- _Task description_
Quote the records that follow in full, leaving the pictures out.

(Items listed in a dataset)
......

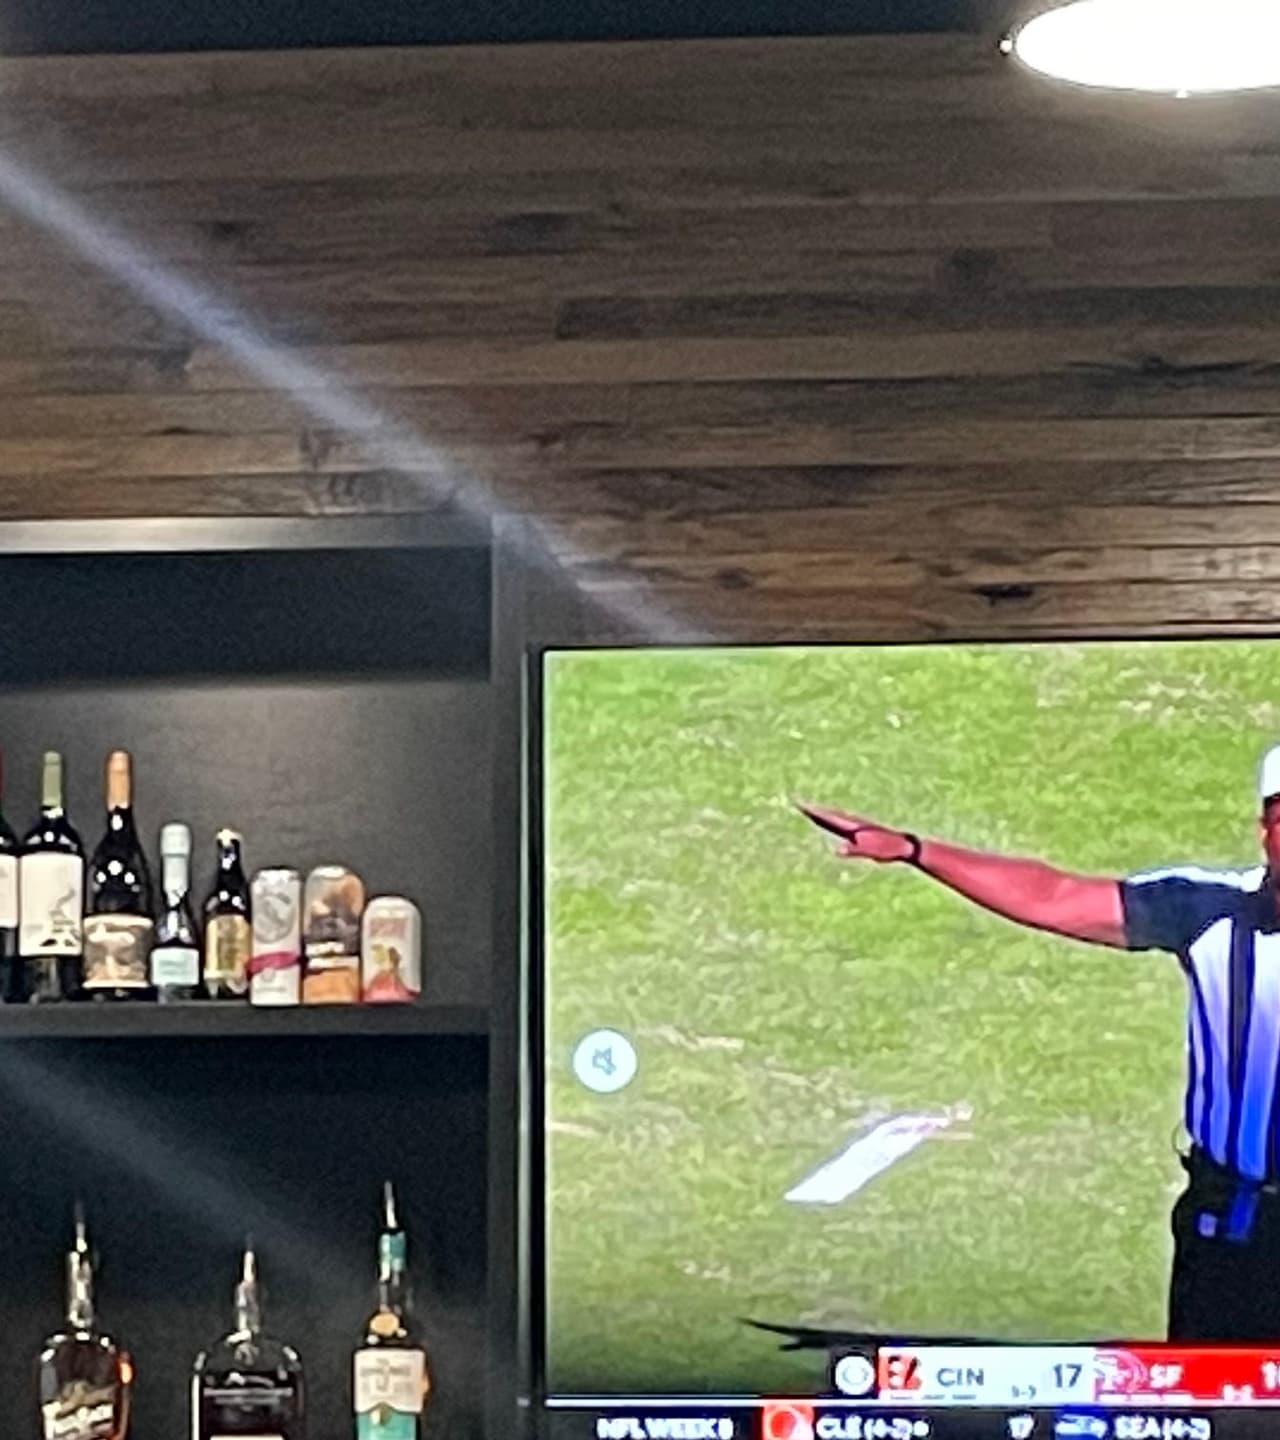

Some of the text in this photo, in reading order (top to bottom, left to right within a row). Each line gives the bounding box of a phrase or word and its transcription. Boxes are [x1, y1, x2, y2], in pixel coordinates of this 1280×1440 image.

[936, 1367, 985, 1388] CIN
[1052, 1362, 1083, 1388] 17
[1148, 1363, 1184, 1389] SF
[646, 1416, 718, 1440] WEEK
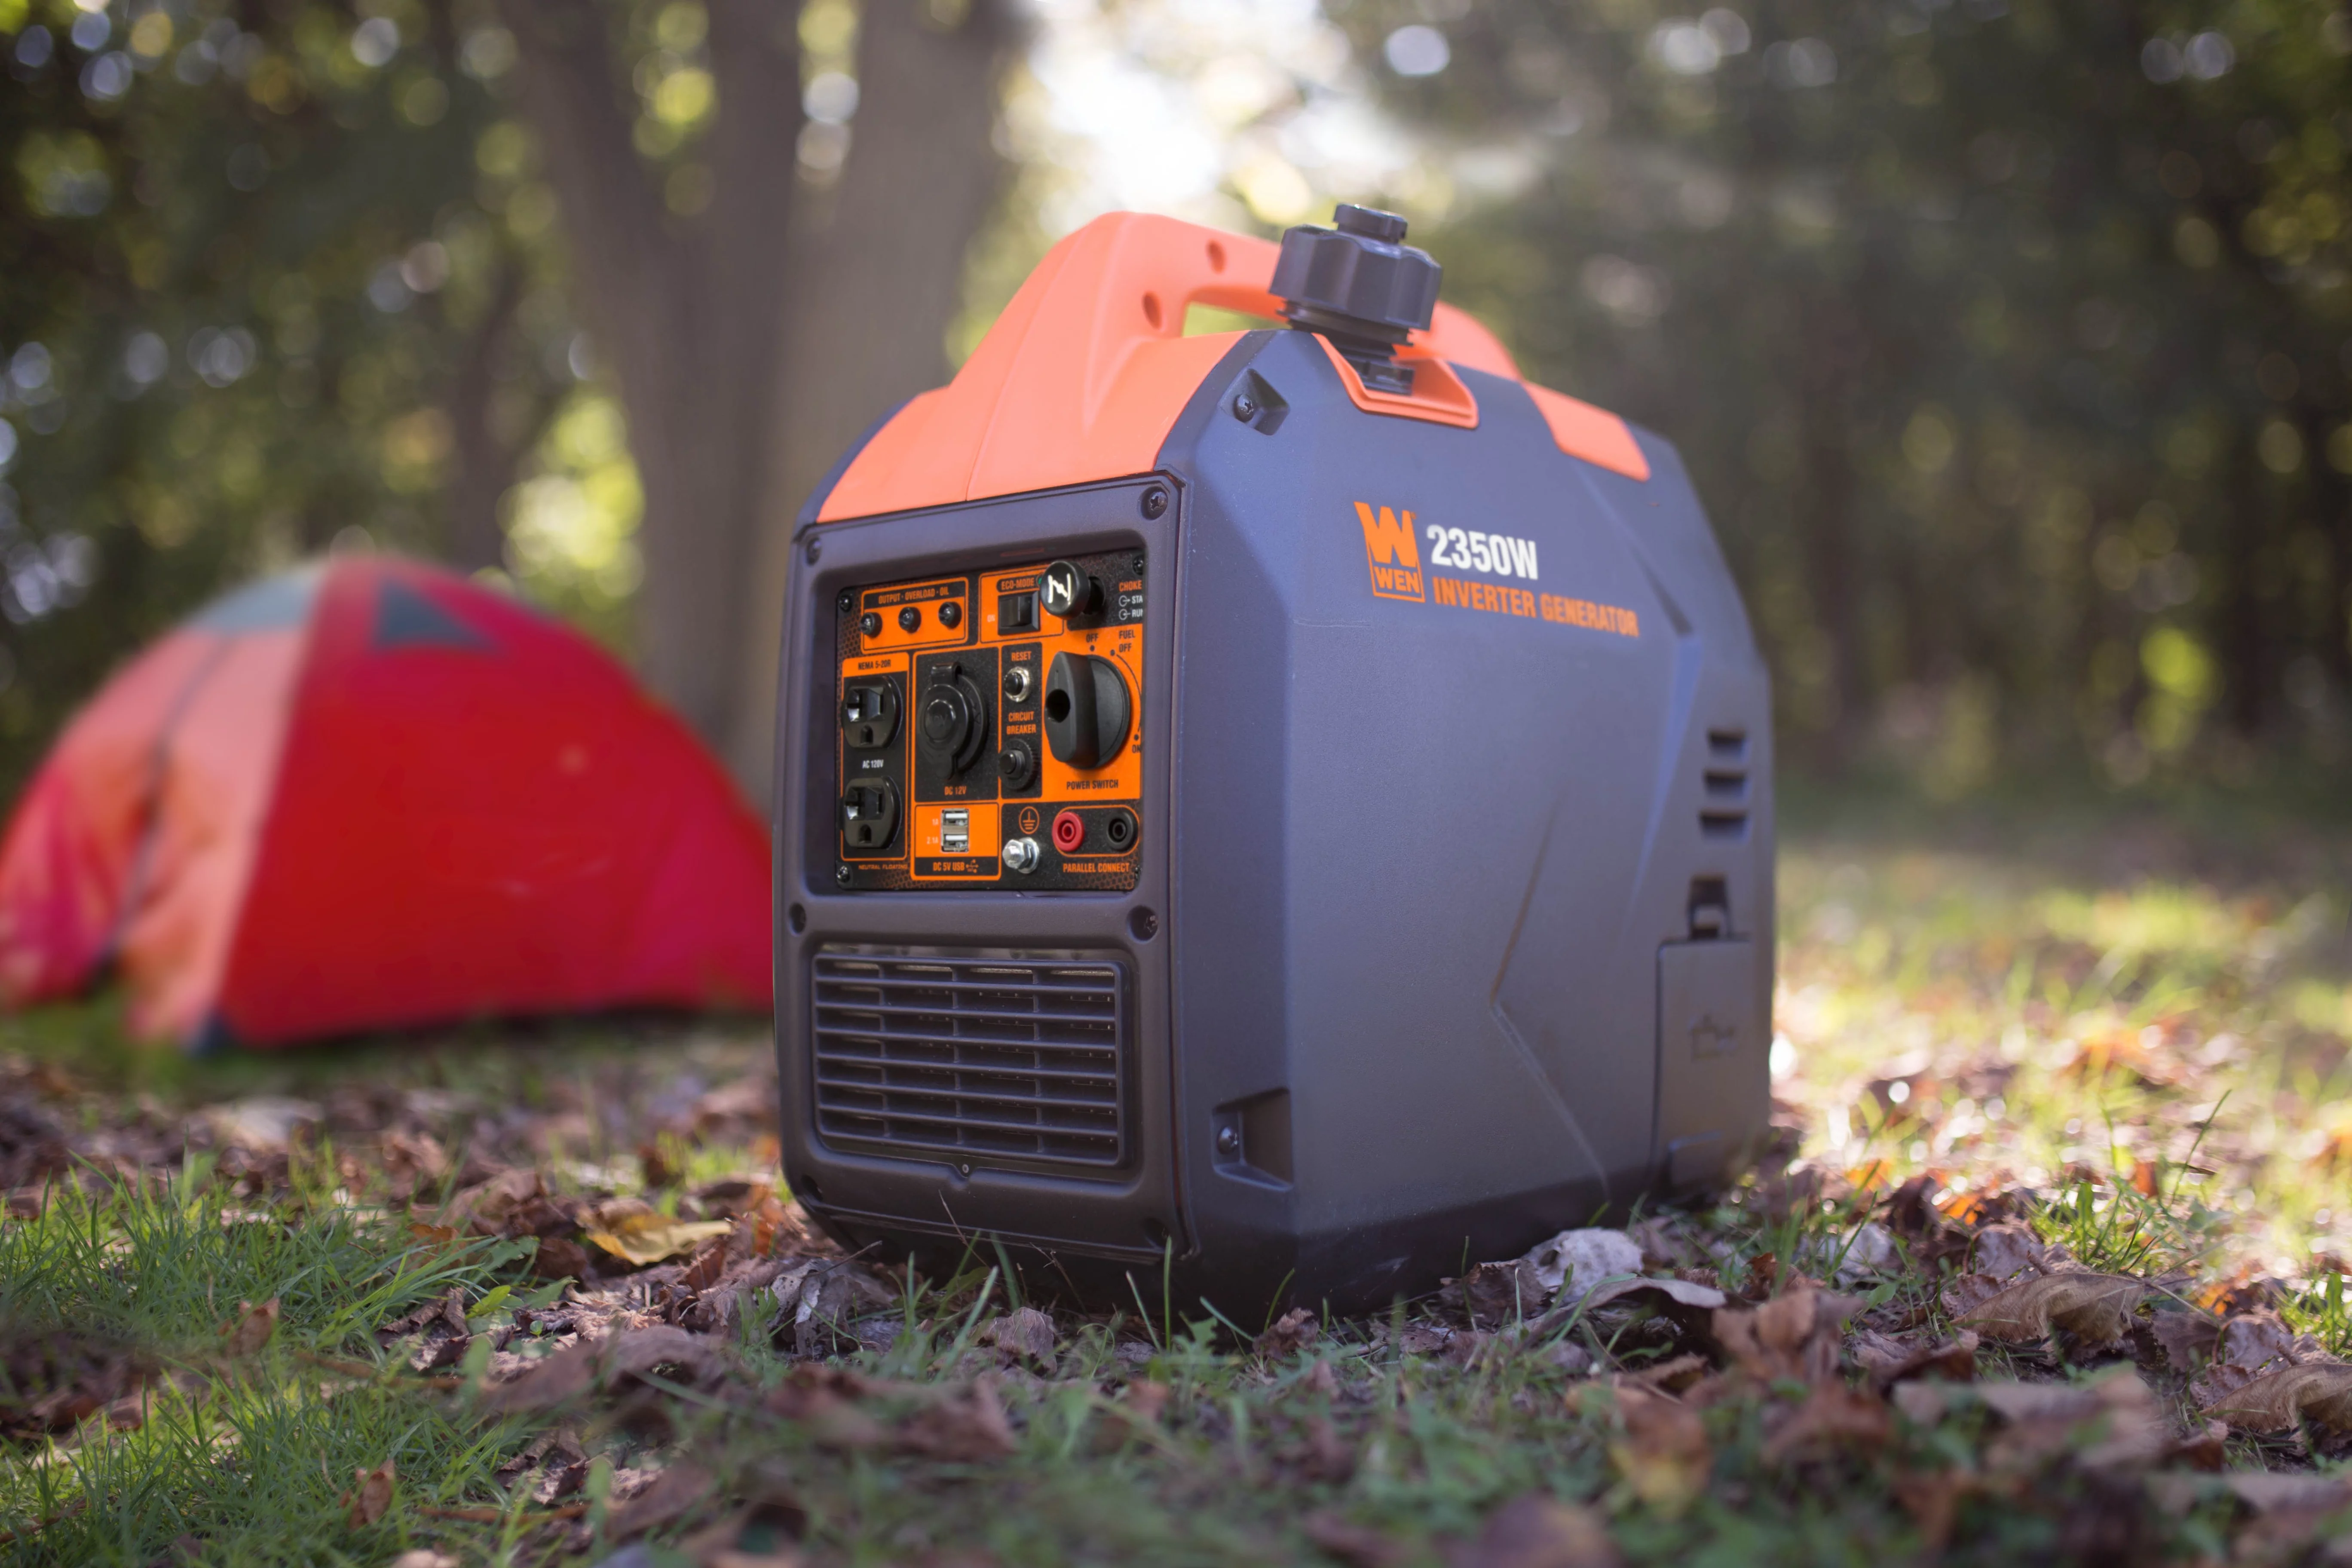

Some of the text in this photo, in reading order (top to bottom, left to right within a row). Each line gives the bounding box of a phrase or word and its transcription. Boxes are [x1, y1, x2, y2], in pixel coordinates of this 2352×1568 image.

......

- _Reply_
Some of the text in this photo, in reading order (top to bottom, left to right within a row). Each line gives the bounding box of a phrase or word and its transcription. Boxes are [x1, y1, x2, y2], in pixel coordinates of this 1280×1440 image.

[936, 1367, 985, 1388] CIN
[1052, 1362, 1083, 1388] 17
[1148, 1363, 1184, 1389] SF
[646, 1416, 718, 1440] WEEK

Some of the text in this photo, in reading order (top to bottom, left to right within a row). Each line gives the bounding box of a phrase or word and its transcription. Boxes are [x1, y1, x2, y2], in pixel coordinates of this 2352×1568 image.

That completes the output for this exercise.